Neal Finkelstein, an Army computer engineer, is dealing with the “tough guy” problem among infantry who use virtual reality helmets for battlefield simulations. Even though they have their feet planted firmly on the ground both in the chair and on the screen, “one in five is the drop-out rate,” he says, “and we’re still trying to figure out why so many people are getting sick. These big Army guys get in there and say ‘I’m really tough.’ But the more they fight it… They’ve got to back away.
“Helmets are tougher than screens. No other reference point is visible in a helmet, just that claustrophobic type of environment. Moving the head is not something people think about; they just automatically move it.”
Kelly Kingdon, a Canadian studying cyber-motion under Kay Stanney, shows off the test rig, one that comes closer to Kennedy’s wallpaper drum than what pilots meet in a simulator. A computer program generates a maze of three long corridors and 29 rooms onto a display in a Virtual Research B6 helmet, which has micro-optics that produce realistic immersion in a scene flowing by, comparable in quality to graphics on a home computer.
A single trip through the maze, self-driven with a standard computer mouse, takes 15 minutes and includes a set of mouse-actuated tasks. As you move through the corridors, various “jobs” pop up: Find the door to the hall in a room with psychedelic-colored walls; put three shapes—a star, a cylinder, and a circle—into slots. Throughout the test you have to keep “moving” down the hallways as synthetic scenery slowly flows by. If you move too slowly the scene goes into a roll. Though not as overpowering as being in Kennedy’s drum, the experience can be unsettling if the test goes on long enough.

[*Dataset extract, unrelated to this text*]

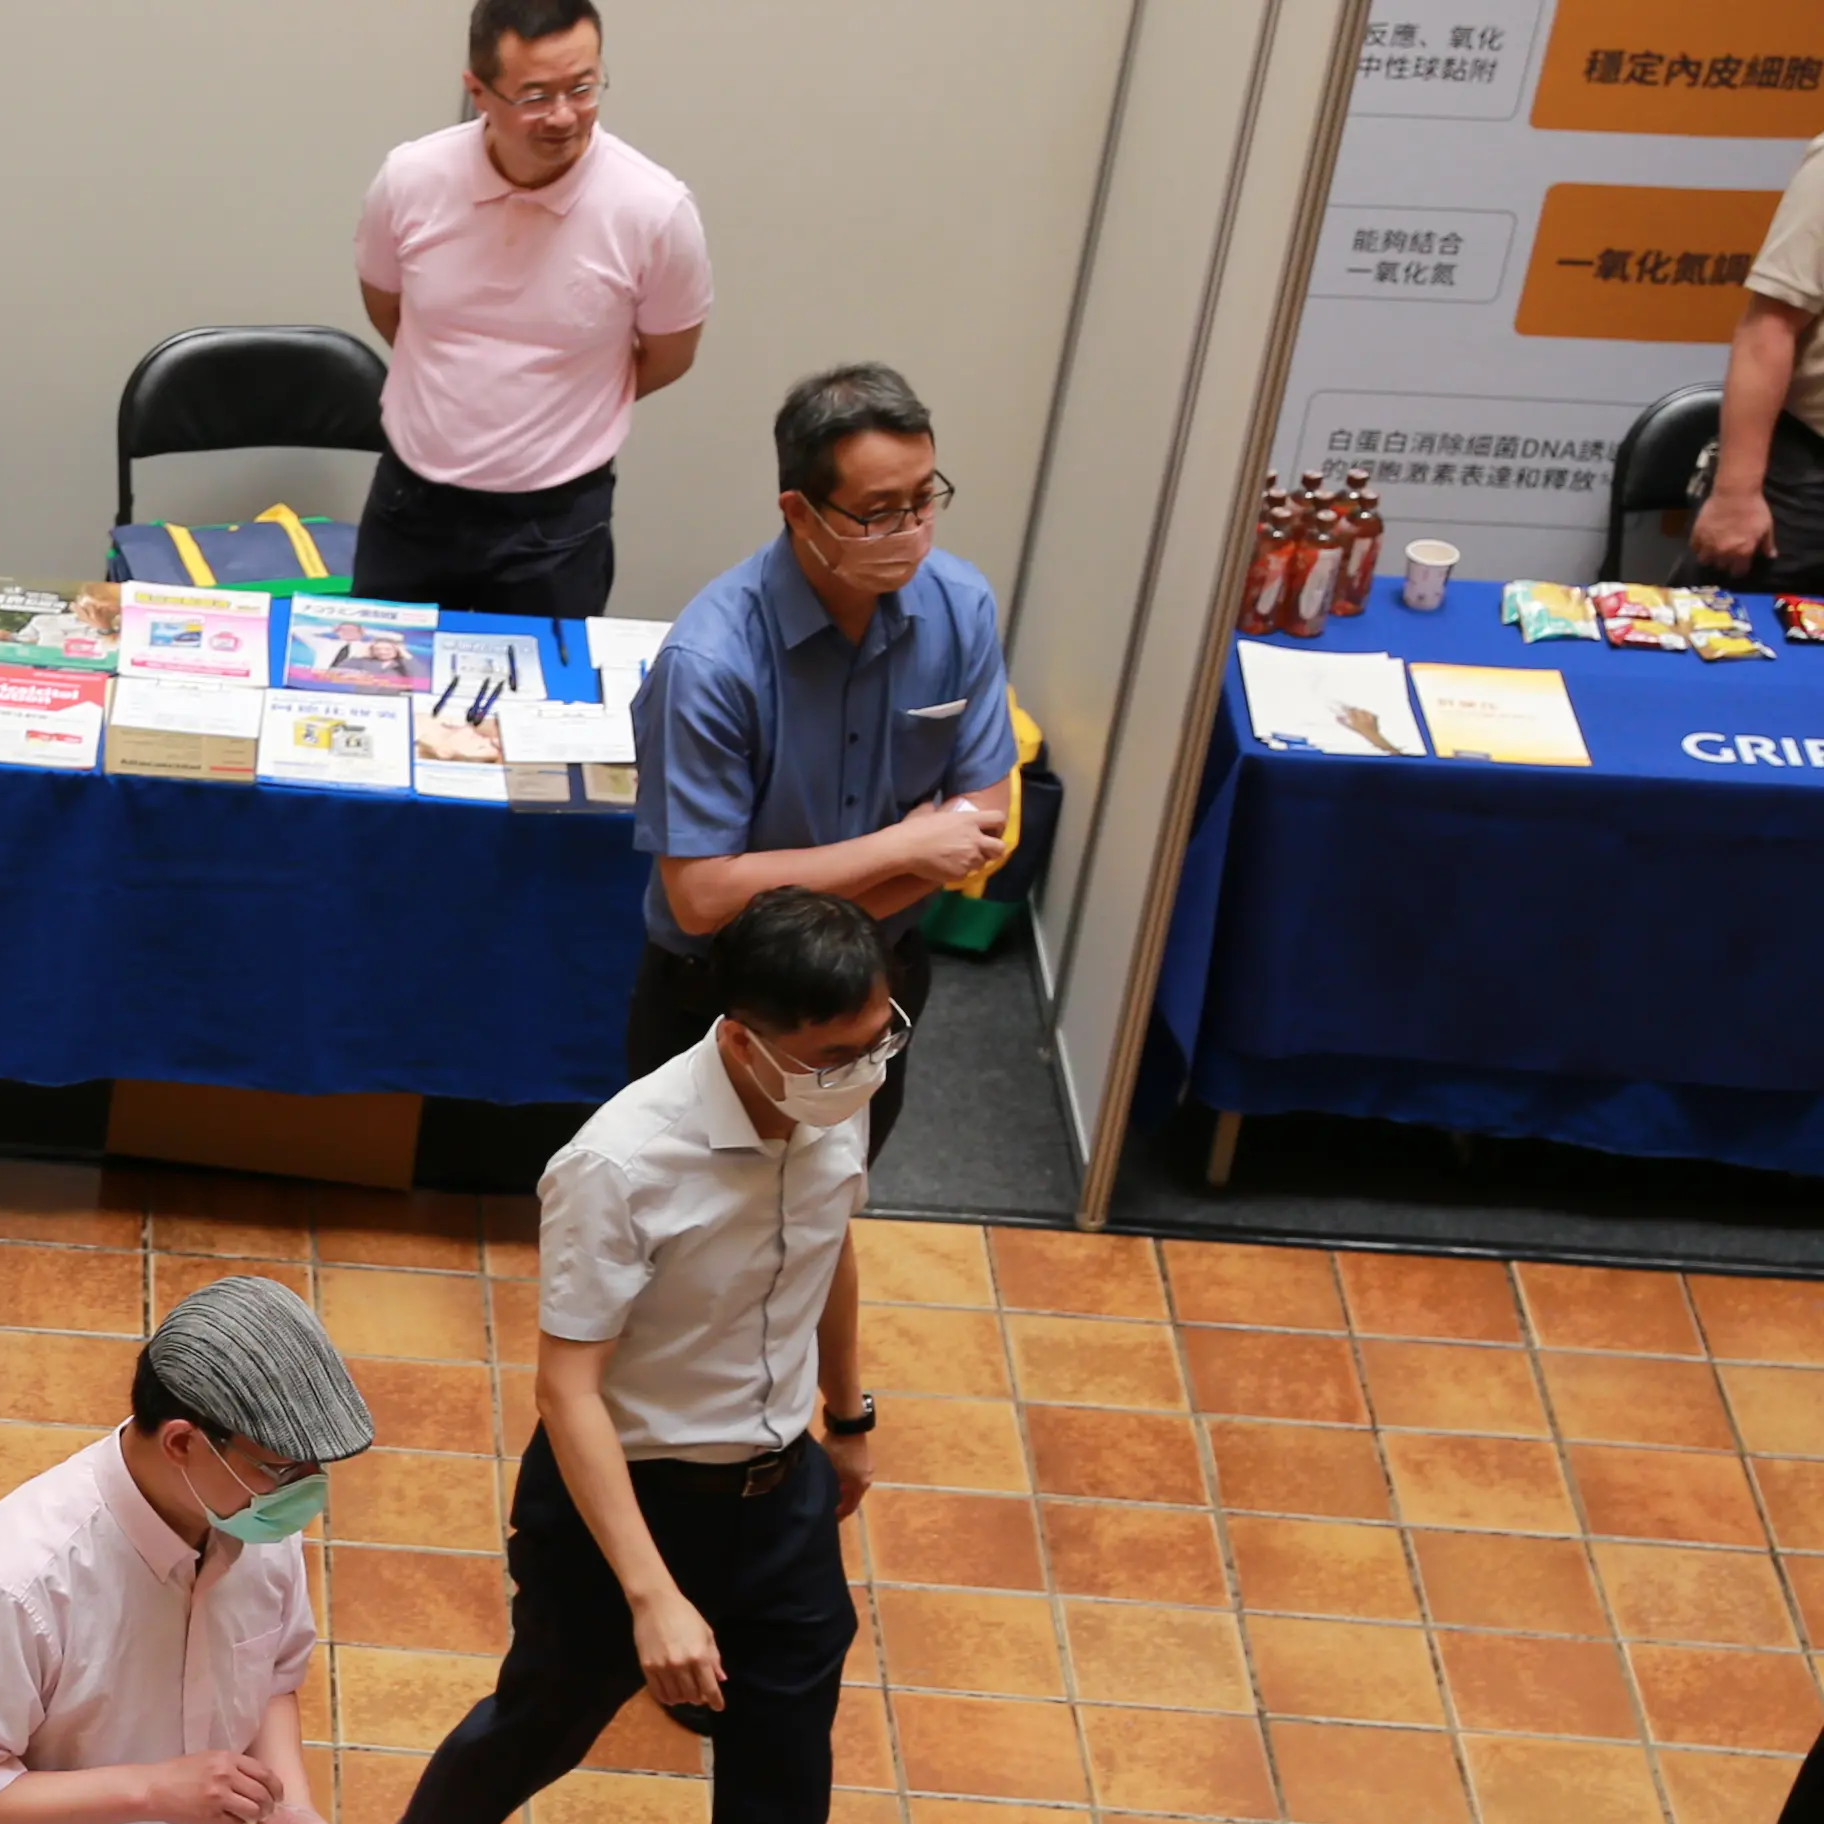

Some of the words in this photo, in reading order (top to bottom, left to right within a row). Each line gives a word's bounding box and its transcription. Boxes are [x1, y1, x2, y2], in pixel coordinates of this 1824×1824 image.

[1353, 229, 1464, 256] 能夠結合
[1346, 260, 1458, 286] 一氧化氮

Stanney’s students have put over 1,000 student volunteers through the test. Unlike pilots who go through screening, 90 to 95 percent of the students reported at least one symptom, like a headache, but only 1.5 percent got violently sick. Rupert says that in rare cases such symptoms can last for a month or two.
All of these tests have provided some basic answers, with more subtle solutions perhaps to come. Improving the technology for the virtual reality helmets will help. So will getting tough guys to back off and, just as important, hard-driving instructors to lay off.

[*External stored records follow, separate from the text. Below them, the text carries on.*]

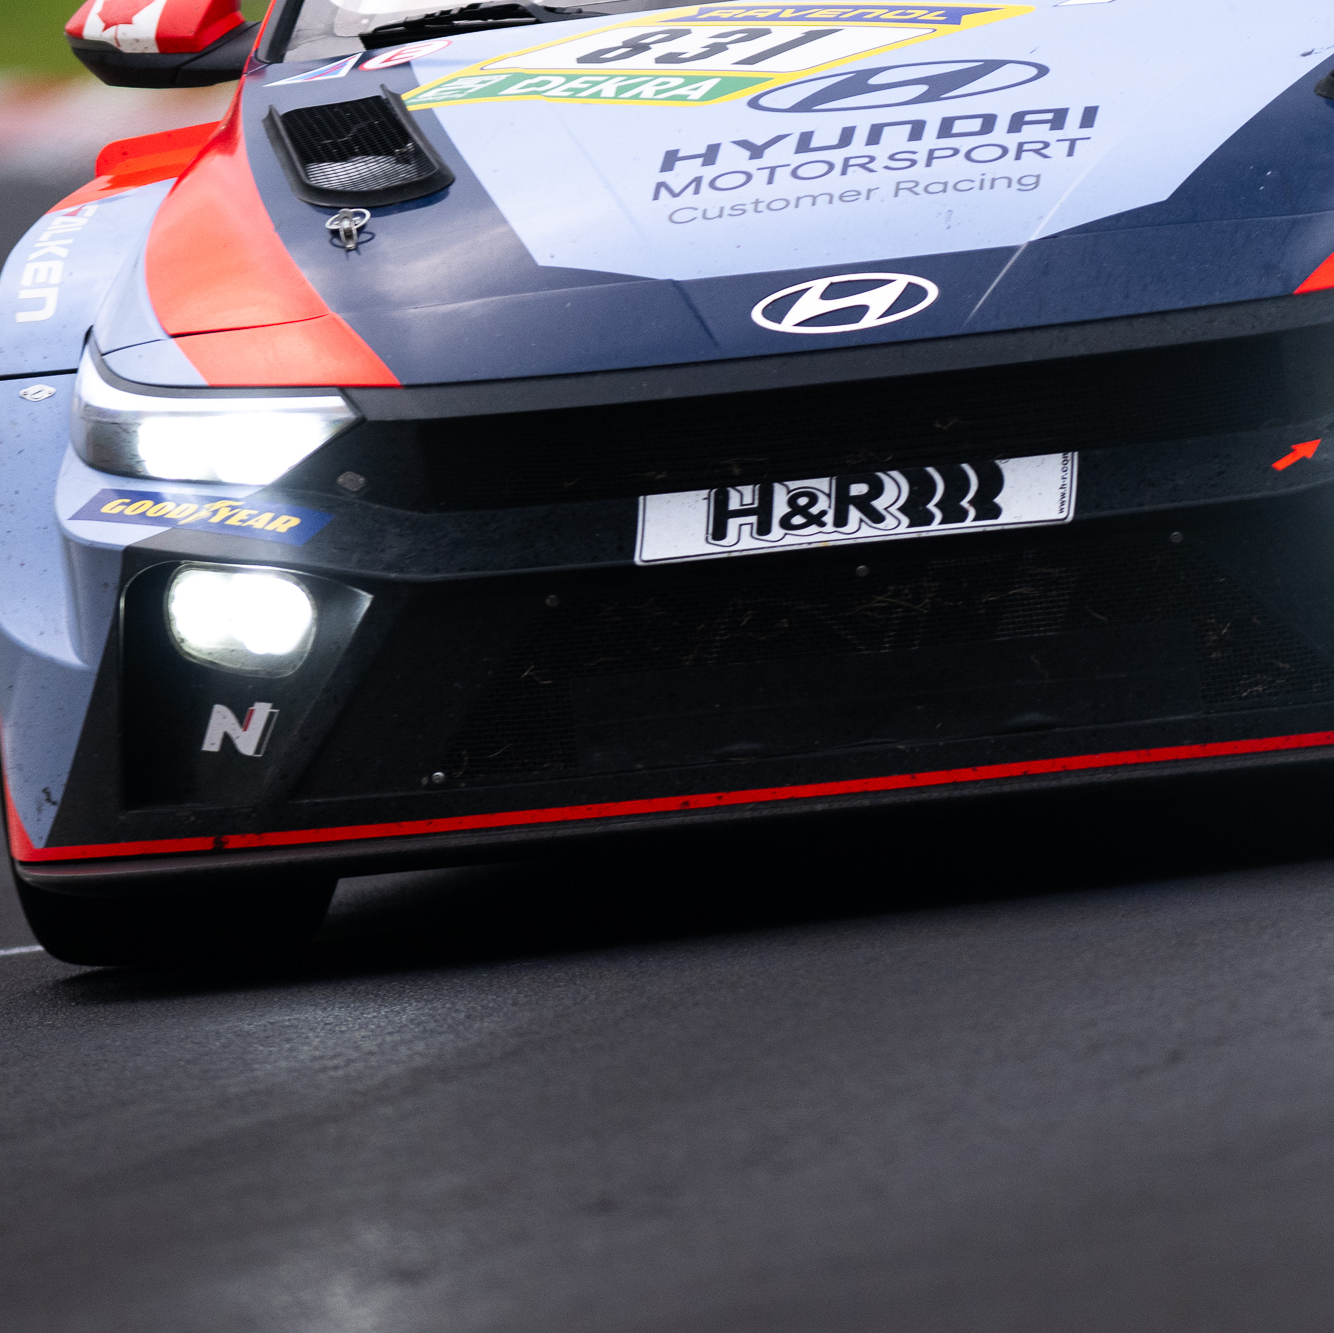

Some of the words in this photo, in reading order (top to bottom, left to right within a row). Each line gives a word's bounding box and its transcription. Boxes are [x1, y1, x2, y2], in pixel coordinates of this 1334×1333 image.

[699, 7, 951, 22] RAVENOL
[576, 28, 846, 66] 831
[498, 75, 723, 102] DEKRA
[659, 105, 1100, 173] HYUNDAI
[652, 137, 1091, 201] MOTORSPORT
[667, 182, 880, 225] Customer
[893, 170, 1043, 197] Racing
[15, 203, 99, 323] FALKEN
[100, 498, 302, 534] GOODYEAR
[709, 473, 888, 542] H&R

When an instructor flash-freezes the simulator at 500 knots (575 mph) to start a new dogfight and cram in more combat per hop, he makes the student feel as though he’s smacked into a mountain. When a pilot’s cold grounds him, the first thing the operations officer does is send him to catch up on his simulator syllabus. Feeling below par, maybe with ear complications, the pilot is all set up for simulator sickness. None of these problems might be life-threatening, but what if the same pilot winds up in a regular cockpit the next day still feeling sub-par and slightly disoriented, because of subtle discrepancies between the simulator and his cockpit?
Researchers like Kennedy are trying to come up with basic guidelines to prevent such problems, including making sure pilots take shorter runs in the simulators. Both the Air Force and the Navy have tried adaptation drills. The Naval Aviation Aeromedical Research Laboratory in Pensacola, Florida, has a 20-foot rotating room called the Coriolis Acceleration Platform, in which people have lived as long as six weeks. The room constantly changes the rules of orientation. “It rotates very slowly,” Rupert says, “three revolutions per minute, one every 20 seconds.

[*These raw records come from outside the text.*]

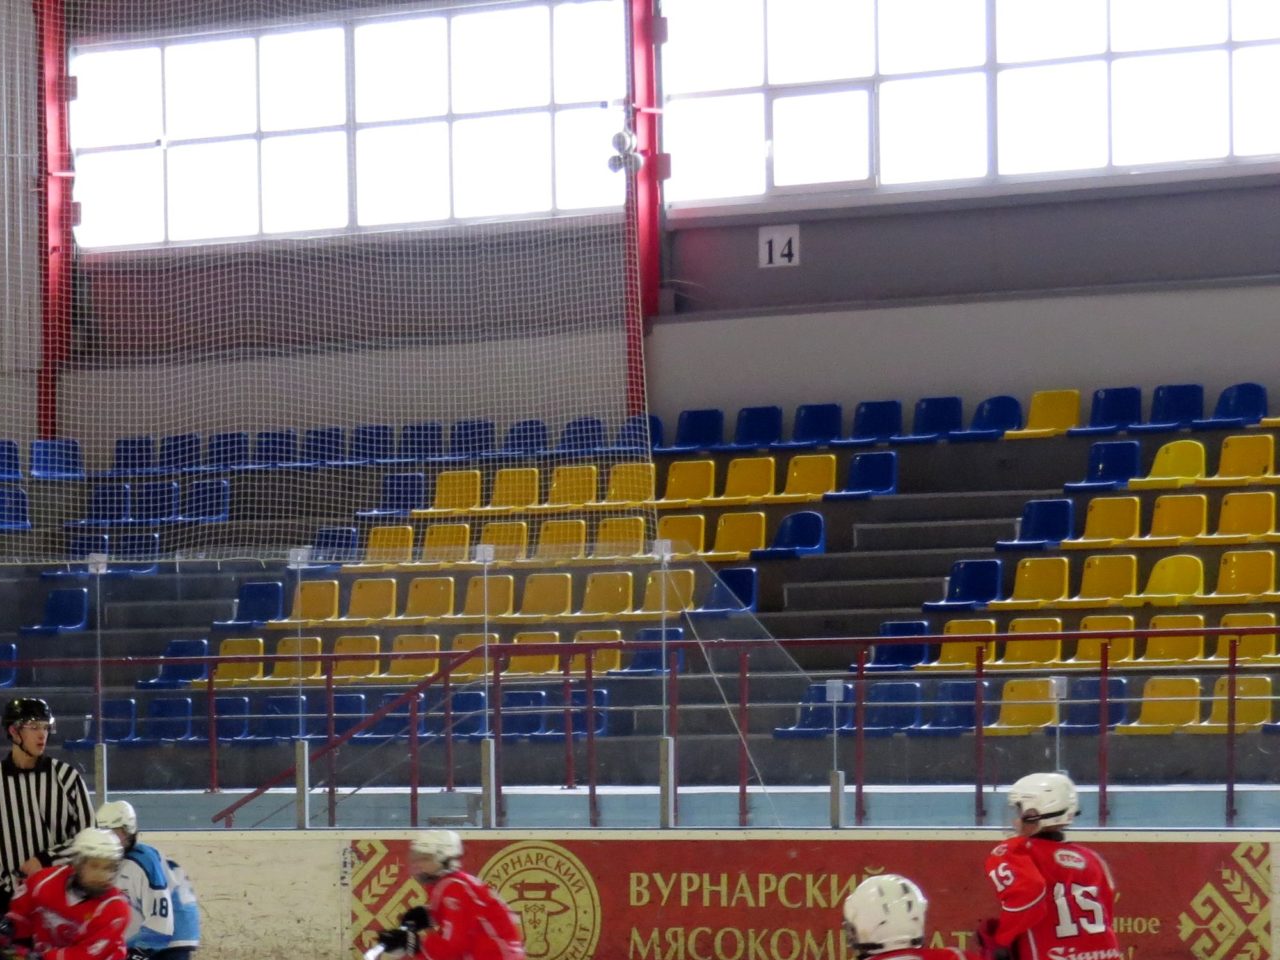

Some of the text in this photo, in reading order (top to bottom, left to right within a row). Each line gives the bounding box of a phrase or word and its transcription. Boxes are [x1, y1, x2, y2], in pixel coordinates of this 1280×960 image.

[765, 236, 795, 265] 14
[628, 866, 885, 909] ВУРНАРСКИ
[988, 862, 1015, 893] 15
[150, 896, 169, 918] 18
[1053, 882, 1107, 939] 15
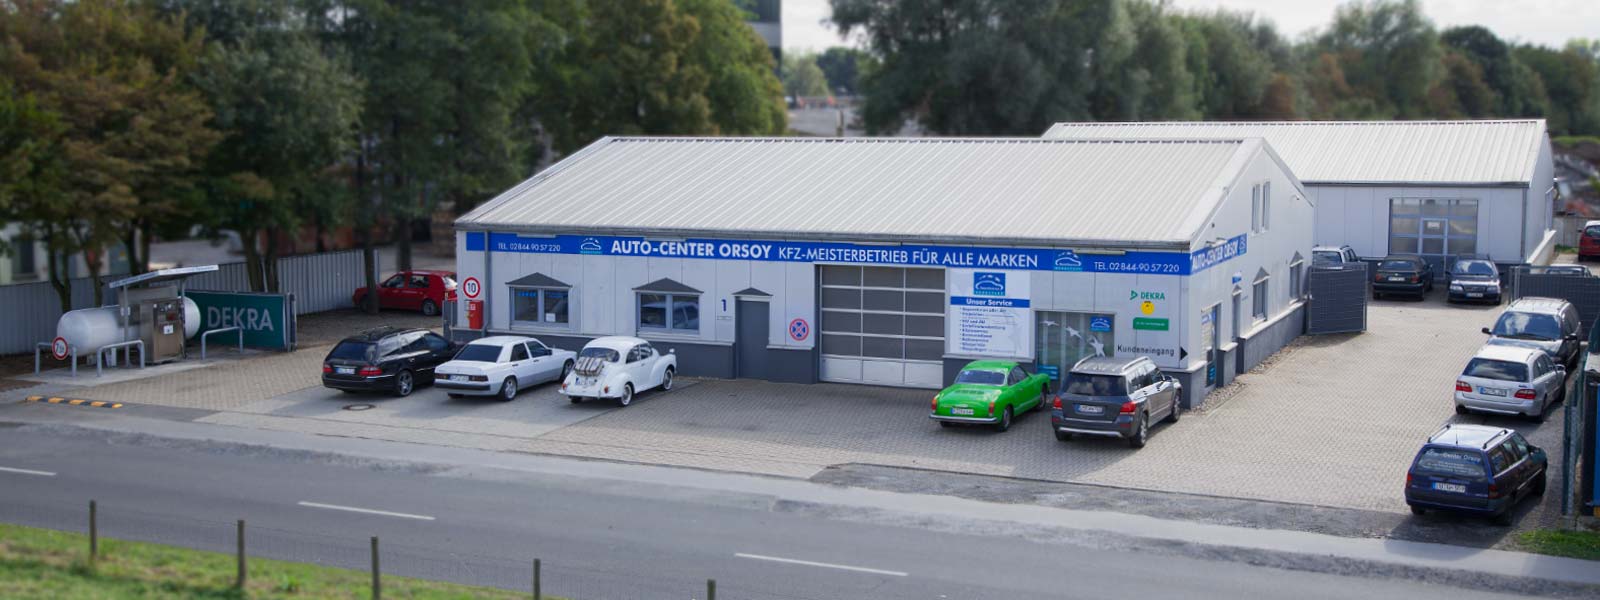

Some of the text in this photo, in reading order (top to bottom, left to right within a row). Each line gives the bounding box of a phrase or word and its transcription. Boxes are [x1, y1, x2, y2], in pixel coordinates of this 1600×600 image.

[611, 240, 1038, 268] AUTO-CENTER ORSOY KFZ-MEISTERBETRIEB FÜR ALLE MARKEN
[1163, 263, 1180, 273] 220
[467, 282, 477, 293] 10
[1140, 291, 1166, 301] DEKRA
[966, 298, 1013, 307] Unser Service
[207, 306, 275, 331] DEKRA
[1117, 345, 1175, 357] Kundeneingang

“It’s like flying a single-engine piston aircraft,” he continues. “When you push the nose over, it tends to yaw to the left, because that blade in front of you is rotating clockwise. The same thing happens in the inner ear, in those little canals, in the rotating room.”
Because of its career-limiting implications, active-duty pilots hate talking about simulator sickness, but the longer they try to tough it out in a simulator run gone bad, the more severe their symptoms will get. Maybe they can console themselves with the knowledge that when it comes to enduring the virtual reality chair or helmet, sometimes it’s the most adept pilots who have the hardest time.